If you felt alienated from other boys, you may have become attracted to them as an opposite. Watching from the sidelines, you admired the boys and wished you could be like them. Even as an adult, you may be attracted to men who look or dress the way you wish you did. If you are young and carefree, you may envy a professional man who is responsible and mature. And if you are the mature professional, you may wish you could be young and carefree.
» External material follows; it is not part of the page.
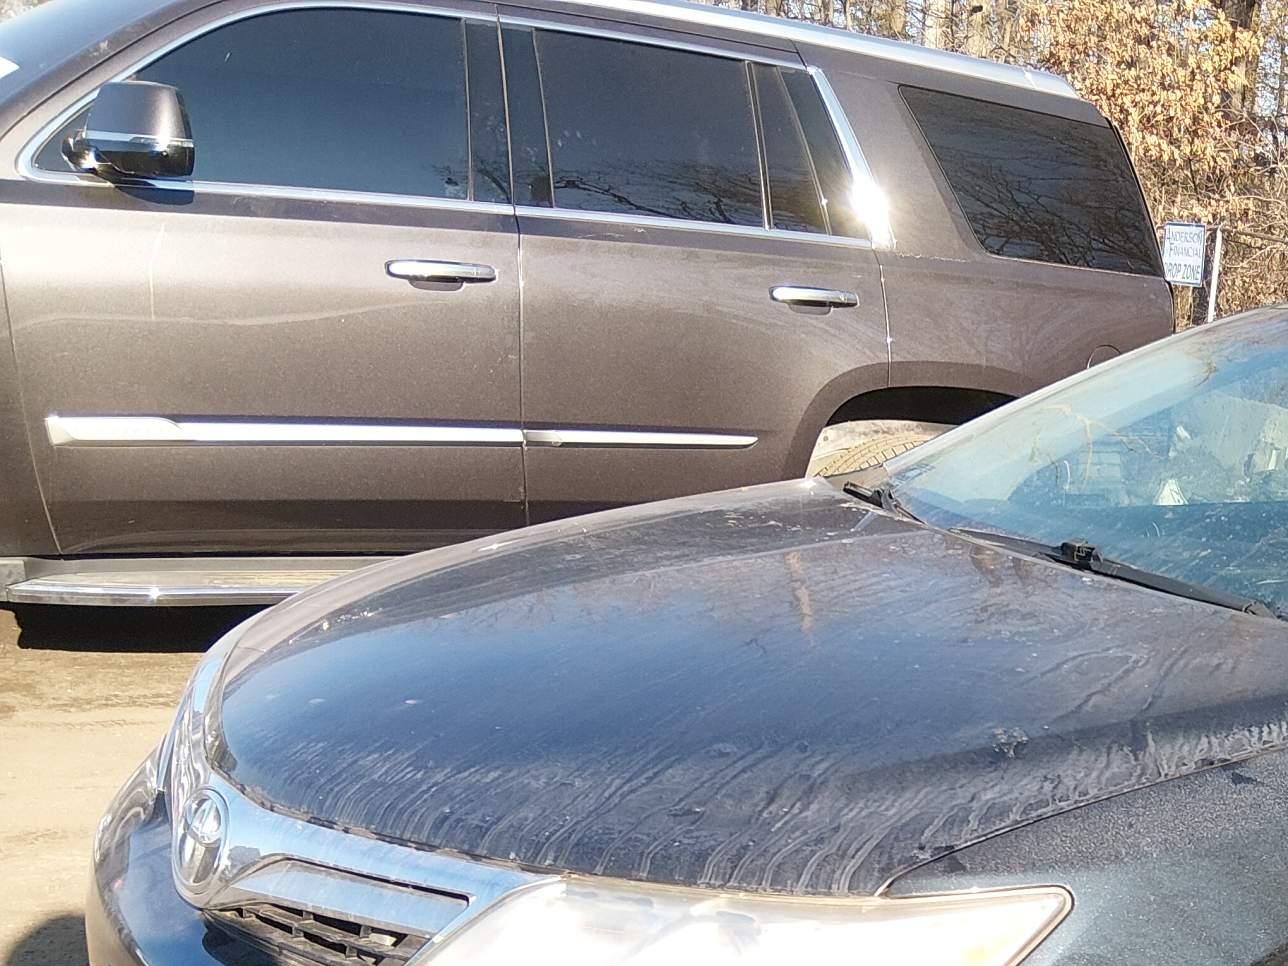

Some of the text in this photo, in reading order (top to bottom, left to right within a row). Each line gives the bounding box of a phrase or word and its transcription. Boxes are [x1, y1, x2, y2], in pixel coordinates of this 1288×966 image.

[1167, 227, 1202, 245] ANDERSON
[1169, 243, 1201, 258] FINANCIAL
[1182, 264, 1200, 280] ZONE
This longing for a friend can be intense and may easily turn to adoration and idolization. One day in high school, I remember walking by the gym just as the track team was returning from a meet. I remember noticing one particular boy who was shirtless and sweaty, and in that brief moment, I saw my ideal of perfect masculinity. I wondered what made the difference between him and me. Although he was my age and in some of my classes, I wondered how he could be on the track team and be so manly, and I was not. I admired him for being an athlete. He was everything I wished I was. Those were the beginnings of my feelings of envy toward other men. Although it happened twenty-five years ago, I remember the incident as vividly as if it happened yesterday. Those kinds of feelings and longings can have significant impact in our lives.

"Mysterious [males] are those who possess enigmatic masculine qualities that both perplex and allure," writes Joseph Nicolosi. "Such [males] are overvalued and even idealized, for they are the embodiment of qualities that the [individual] wishes he had attained for himself." (Nicolosi, 1991, p. 213) As you entered puberty and sexual feelings emerged, this intense envy could have turned to sexual lust, and if you were not able to fill your need for love and acceptance through brotherly relating, you may have begun to seek it through sexual relating. (Matheson, 1993, p. 2) Homosexual behavior may be an attempt to complete your masculine identity as you try to possess valued masculine attributes through sexual intimacy with other males. It may be an effort to solve the mystery of masculinity that arises from the perception of being unlike other men. And it may also be a simple escape from your inadequacies and pain. In the heat of passion, you can momentarily believe any fantasy—that you are beautiful, masculine, loved, and accepted. (Matheson, 1993, p. 3-4)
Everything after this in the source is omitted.